Am Tue, 22 Jan 2013 14:23:57 +0000
schrieb Neil Bothwick <n...@digimed.co.uk>:

> On Mon, 21 Jan 2013 21:56:00 -0600, »Q« wrote:
> 
> > Here's /etc/udev/rules.d/12-opticaldrive.rules, just one line:
> > 
> > KERNEL=="sr0", SUBSYSTEM=="block", NAME="opticaldrive", SYMLINK+="%k",
> > SYMLINK+="cdrom", SYMLINK+="cdrw", SYMLINK+="dvd", SYMLINK+="dvdrom",
> > SYMLINK+="dvdrw"
> 
> ISTR a change in udev that prevented renaming devices. Put it all as
> symlinks instead of renaming and trying to symlink back to %k. It seems
> that all the replies with working examples do it this way too.

I was interested enough to look this up. I looked through the git log of
my /etc/udev/rules.d/ and found that in early October 2012 I committed a change
to that effect, so something did change at some point.

However, I can't find any reference to that in the udev changelog.
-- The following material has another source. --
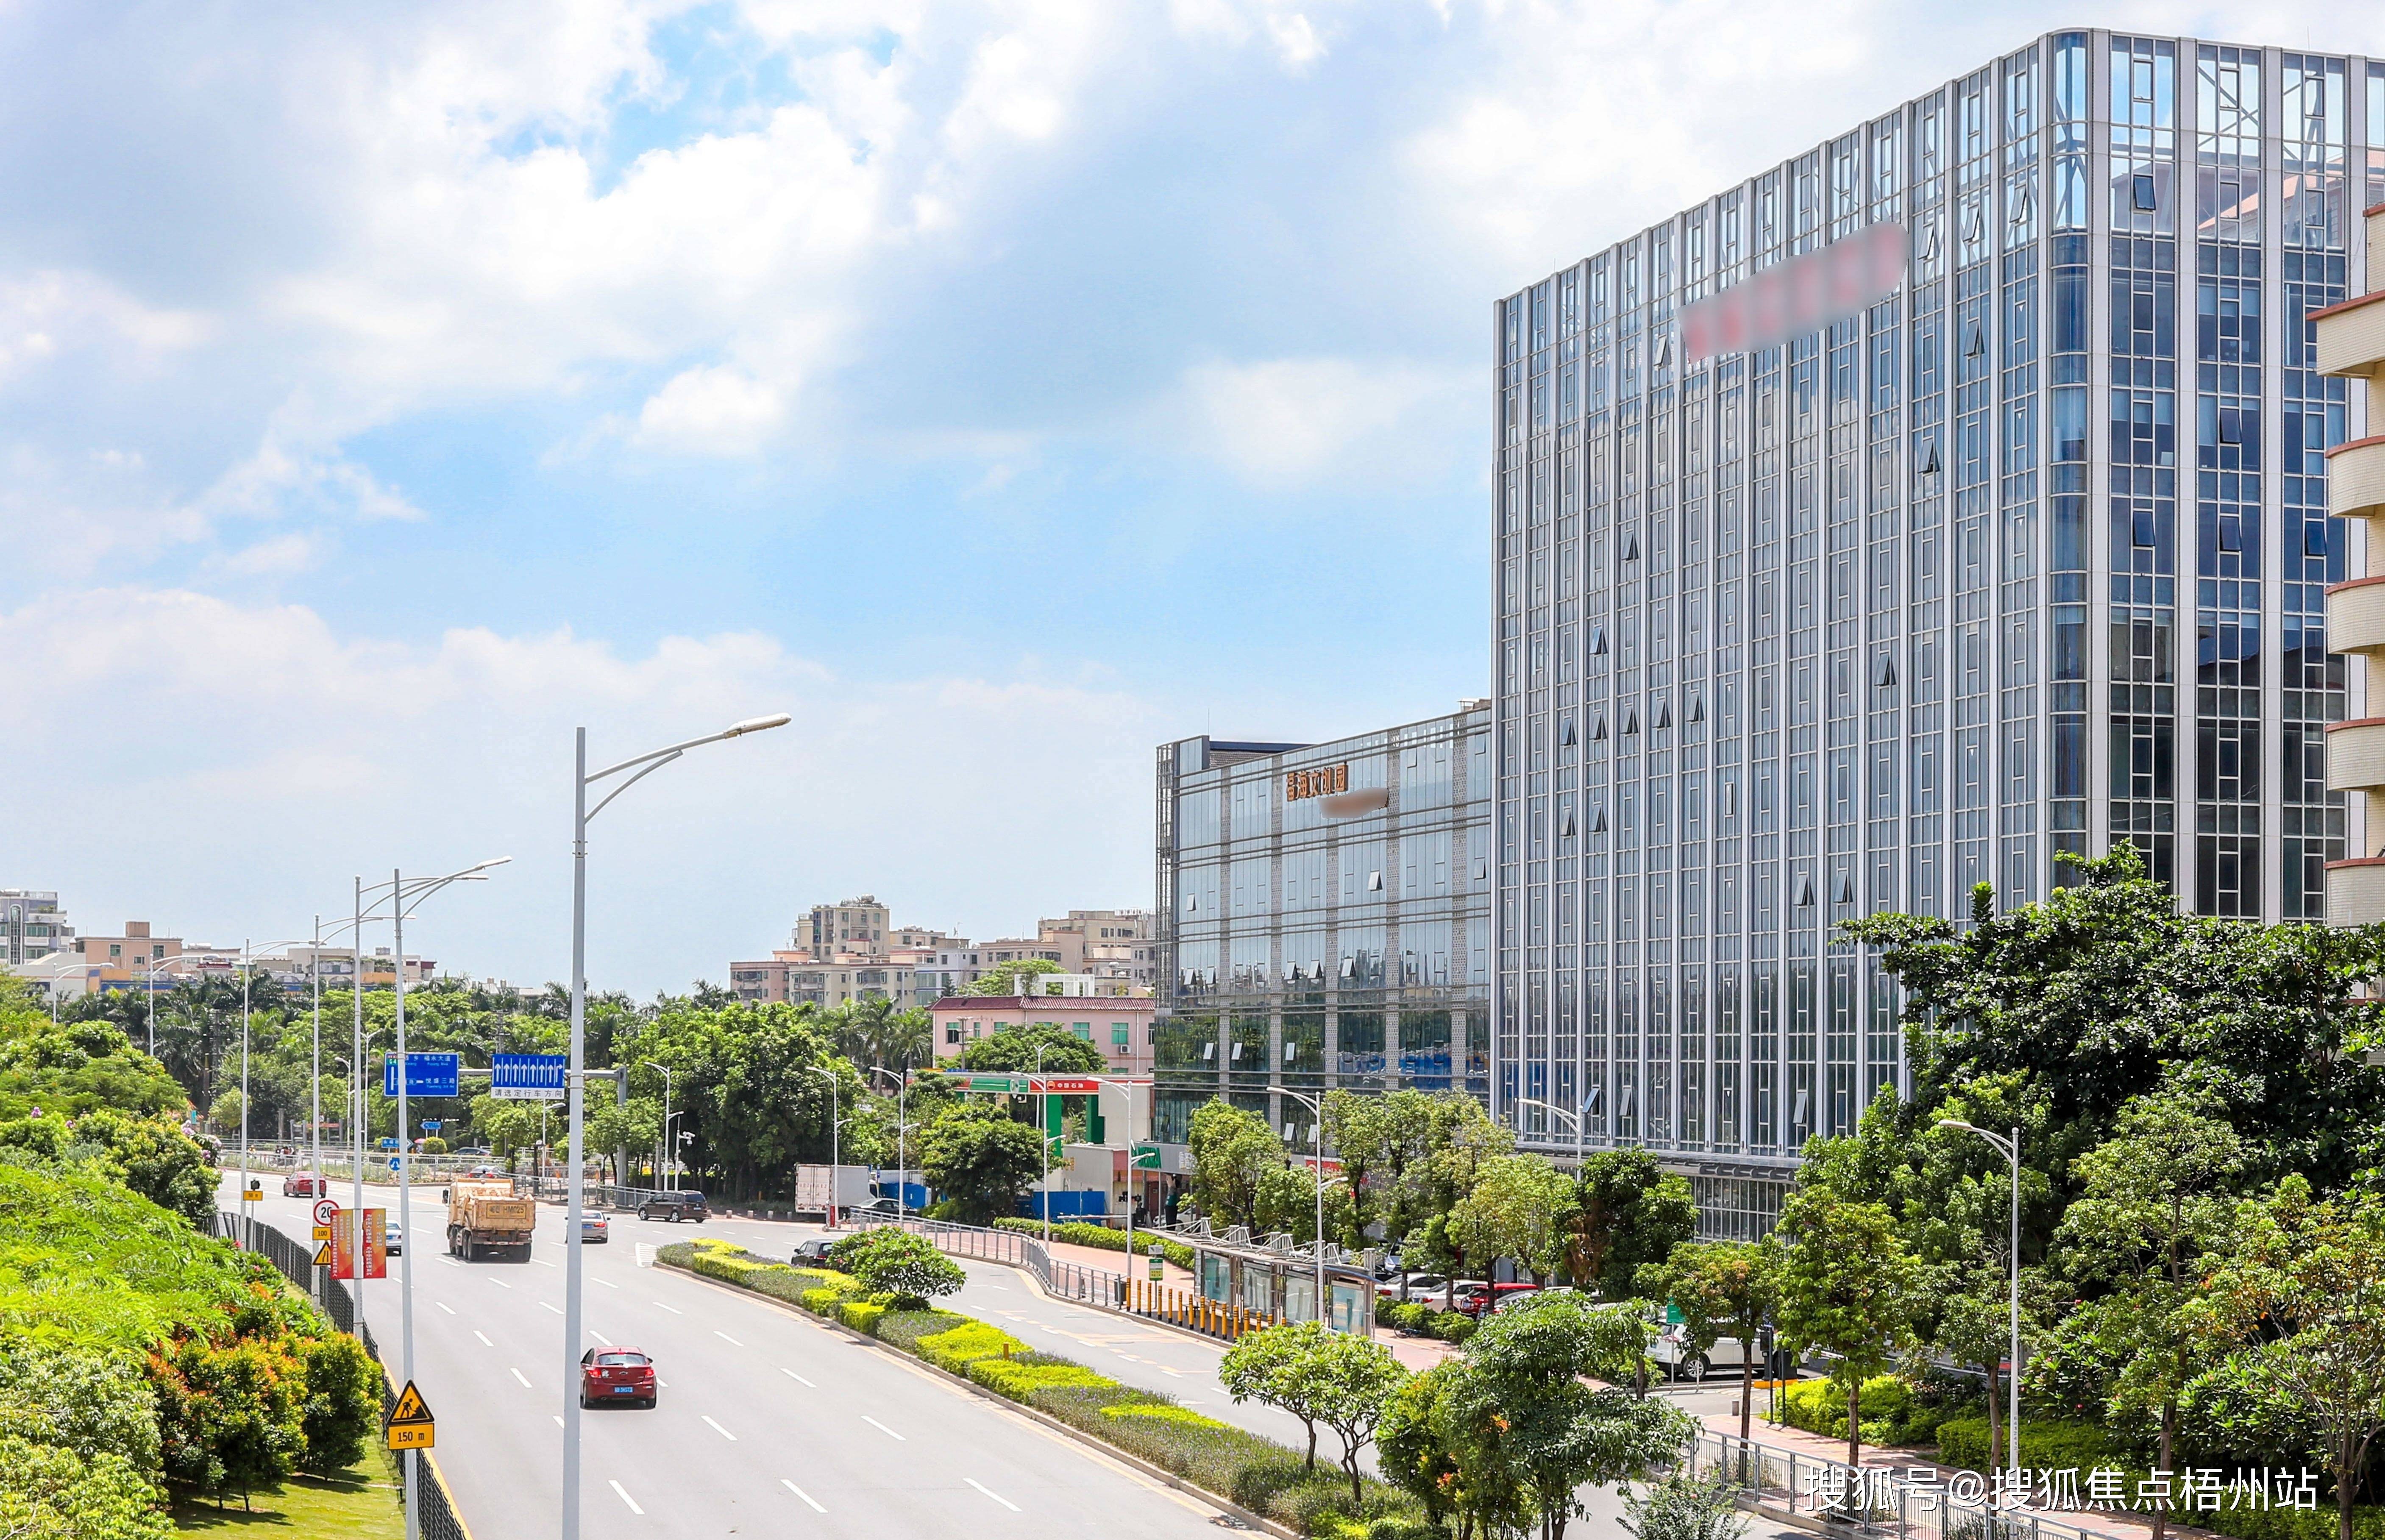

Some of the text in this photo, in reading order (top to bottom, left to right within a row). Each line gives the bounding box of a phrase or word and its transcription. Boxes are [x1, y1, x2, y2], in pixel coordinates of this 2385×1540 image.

[495, 1090, 562, 1098] 请选定行车方向
[398, 1431, 424, 1442] 150 m
In fact, it
actually looks like it's a kernel change and that udev is really just "obeying"
the kernel [0] [1].

But I did find out that this is in fact documented in the udev(7) man page:

   NAME
     The name to use for a network interface. The name of a device node cannot
     be changed by udev, only additional symlinks can be created.
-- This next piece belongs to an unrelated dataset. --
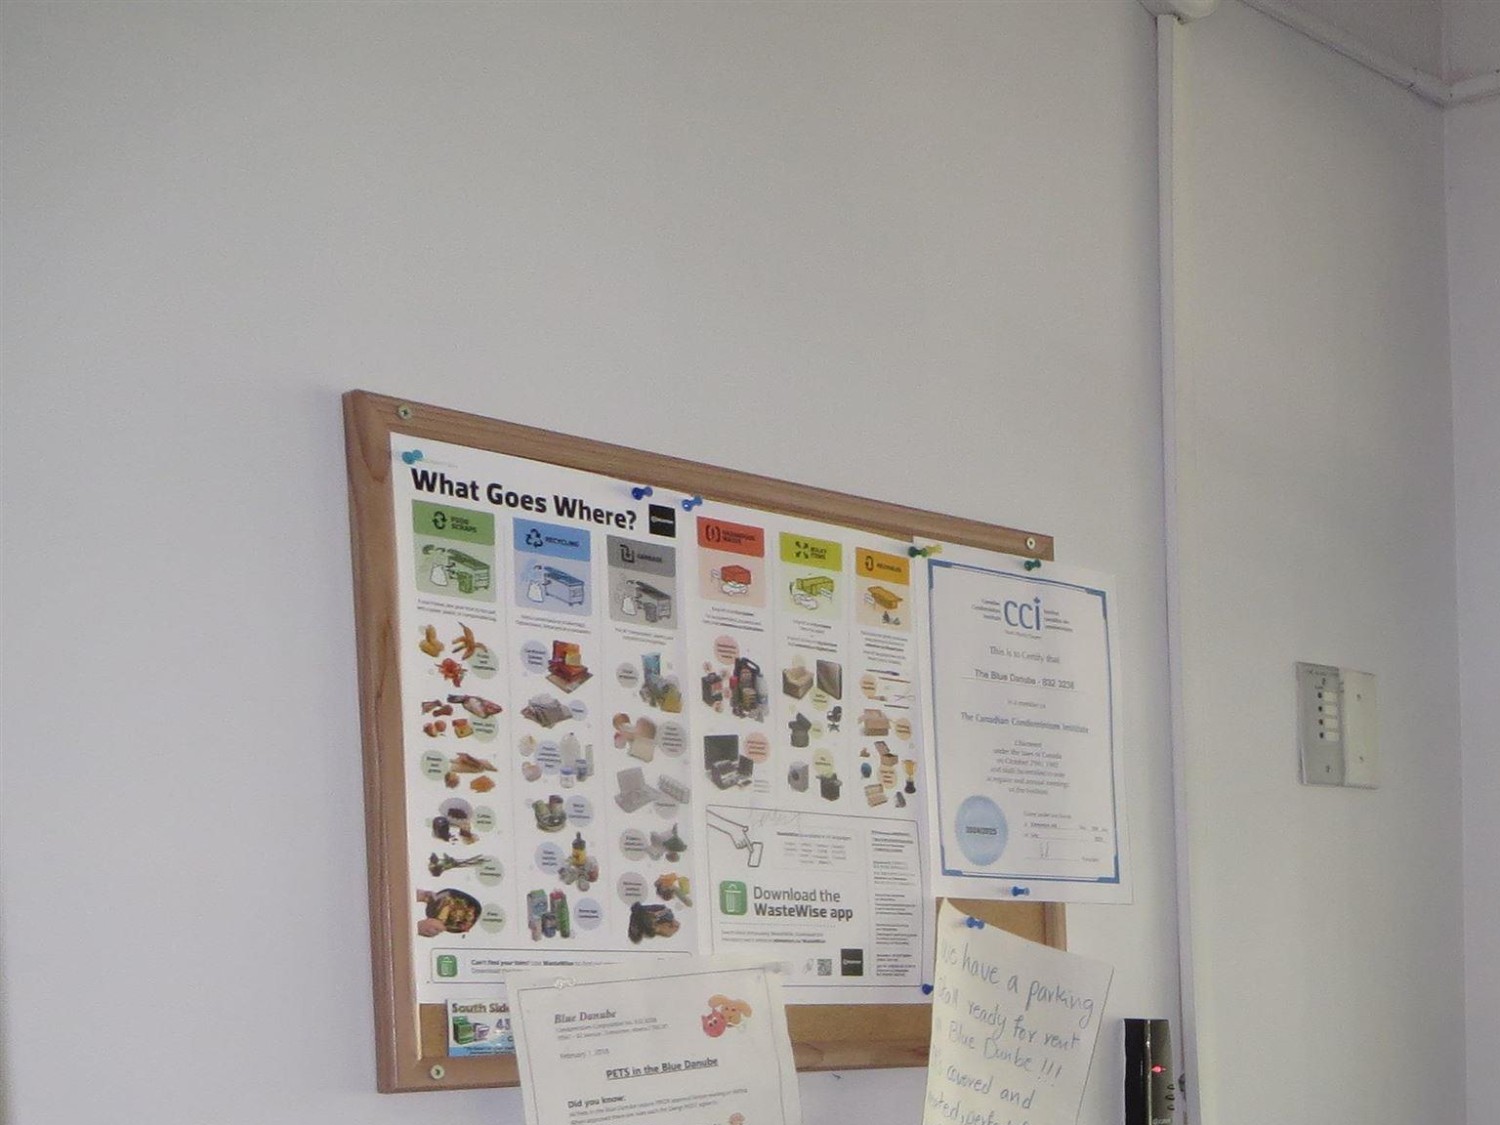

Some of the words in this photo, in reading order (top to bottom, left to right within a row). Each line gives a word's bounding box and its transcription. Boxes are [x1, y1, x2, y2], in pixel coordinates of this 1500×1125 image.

So currently you can only change network interface names, and nothing else.

[0] I haven't searched extensively, but found a related Email from Greg K-H
(search for "rename") that points out that device node renaming has
problematic/fragile behaviour:
http://lkml.indiana.edu/hypermail/linux/kernel/1010.1/00427.html.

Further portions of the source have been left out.